Broker/owner, Re/Max Island Properties

Every week, someone has the dream to locate from elsewhere in Canada to Greater Victoria— relocations continue to fuel the market. Combined with an already low amount of good inventory, bidding wars have returned, with prices stabilizing or inching upward.

During the pandemic, Canadians moved from metropolitan Toronto and Vancouver to Vancouver Island’s clean air and blue skies. That demand continues as we enter the spring market in 2023.  

Like elsewhere in the country, Victoria is behind in the creation of housing stock to meet the needs of consumers relocating here. This is further articulated by the fact that there is no physical expansion space: Victoria is surrounded by water on three sides and a mountain on the fourth— Victoria is becoming a taller city, with condo towers now defining the cityscape. 

There’s no question that interest rates affected our market like others. But as the third most expensive market in Canada (after Vancouver/Lower Mainland and Toronto), first-time buyers don’t define the market. That’s not to say there are no first-timers, but rather most of the buyers already have equity either from the sale of property or from an intergenerational transfer of funds from family.

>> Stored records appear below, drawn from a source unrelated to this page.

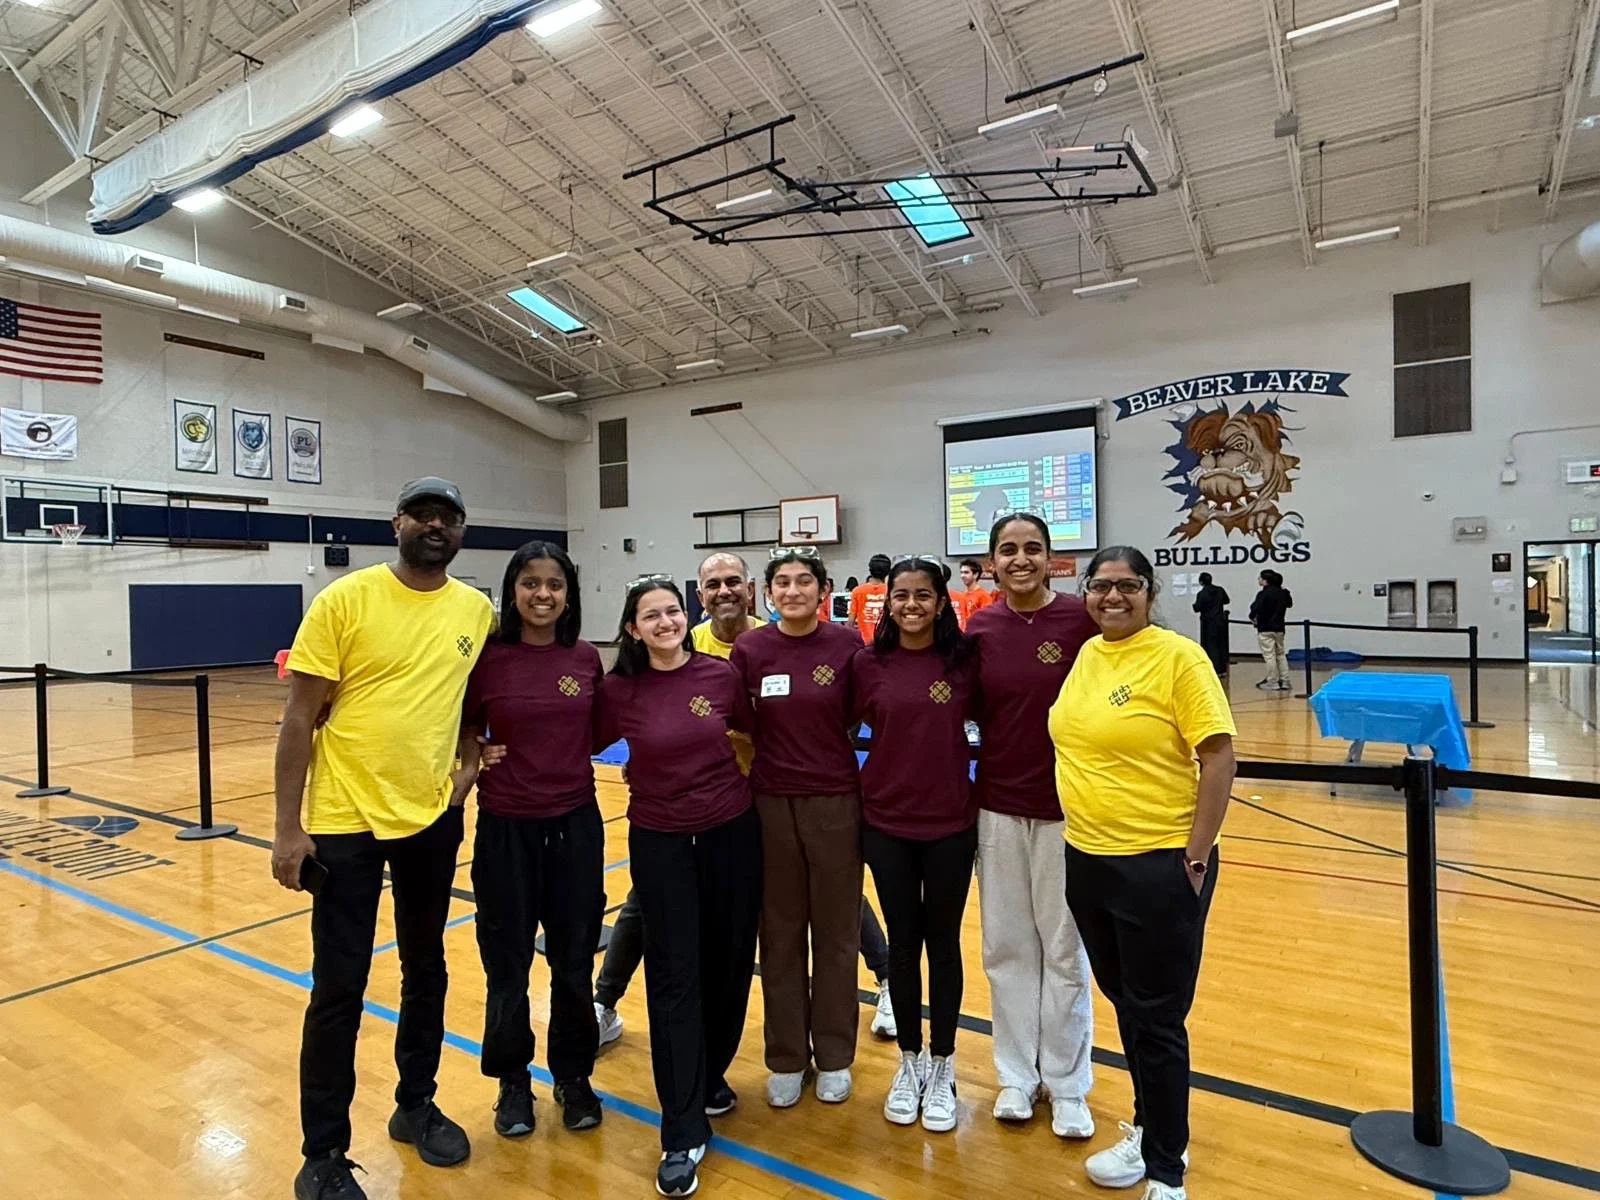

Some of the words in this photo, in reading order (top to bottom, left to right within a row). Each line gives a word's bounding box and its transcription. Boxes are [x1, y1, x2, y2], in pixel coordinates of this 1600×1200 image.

[1128, 375, 1235, 415] BEAVER
[1243, 372, 1331, 393] LAKE
[297, 436, 312, 447] PL
[1154, 541, 1311, 567] BULLDOGS
[22, 839, 176, 881] COURT

Victoria isn’t an industry or manufacturing town. What drives the economy is Government, Military, Technology, Lifestyle/Retirement and Universities. Many carefully choose Victoria as their final posting in preparation for retirement.

I mentioned “good” inventory above. Although inventory remains historically low, there are still opportunities, including properties that have been on the market unsold for months. 

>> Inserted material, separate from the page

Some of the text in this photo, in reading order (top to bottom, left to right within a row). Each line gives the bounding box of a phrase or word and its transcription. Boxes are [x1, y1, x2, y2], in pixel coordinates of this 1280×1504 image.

However, sharply priced and well-prepared properties – the good ones- are moving quickly with multiple offers, highlighting that buyers are still ready to pounce when the right property arises. 

It should be noted that subject conditions are common in winning bids today, and while the occasional property is selling for $100,000 over list price, the numbers aren’t nearly as stratospheric as during the peak of the market. What isn’t common in this market (yet) is intentional underpricing for bidding wars.

The local market perked up with the last announcement that the Bank of Canada would not increase rates. As a result, the spring market is upon us, with listings selling days after coming to market and buyers returning after a break from 2022’s hectic pace.

We’ll see sales strengthening with inventory level remaining low: in many ways, it’s feeling similar to the “recovery year” of 2019. But as mentioned above, the recovery here in Victoria may be stronger than many are expecting.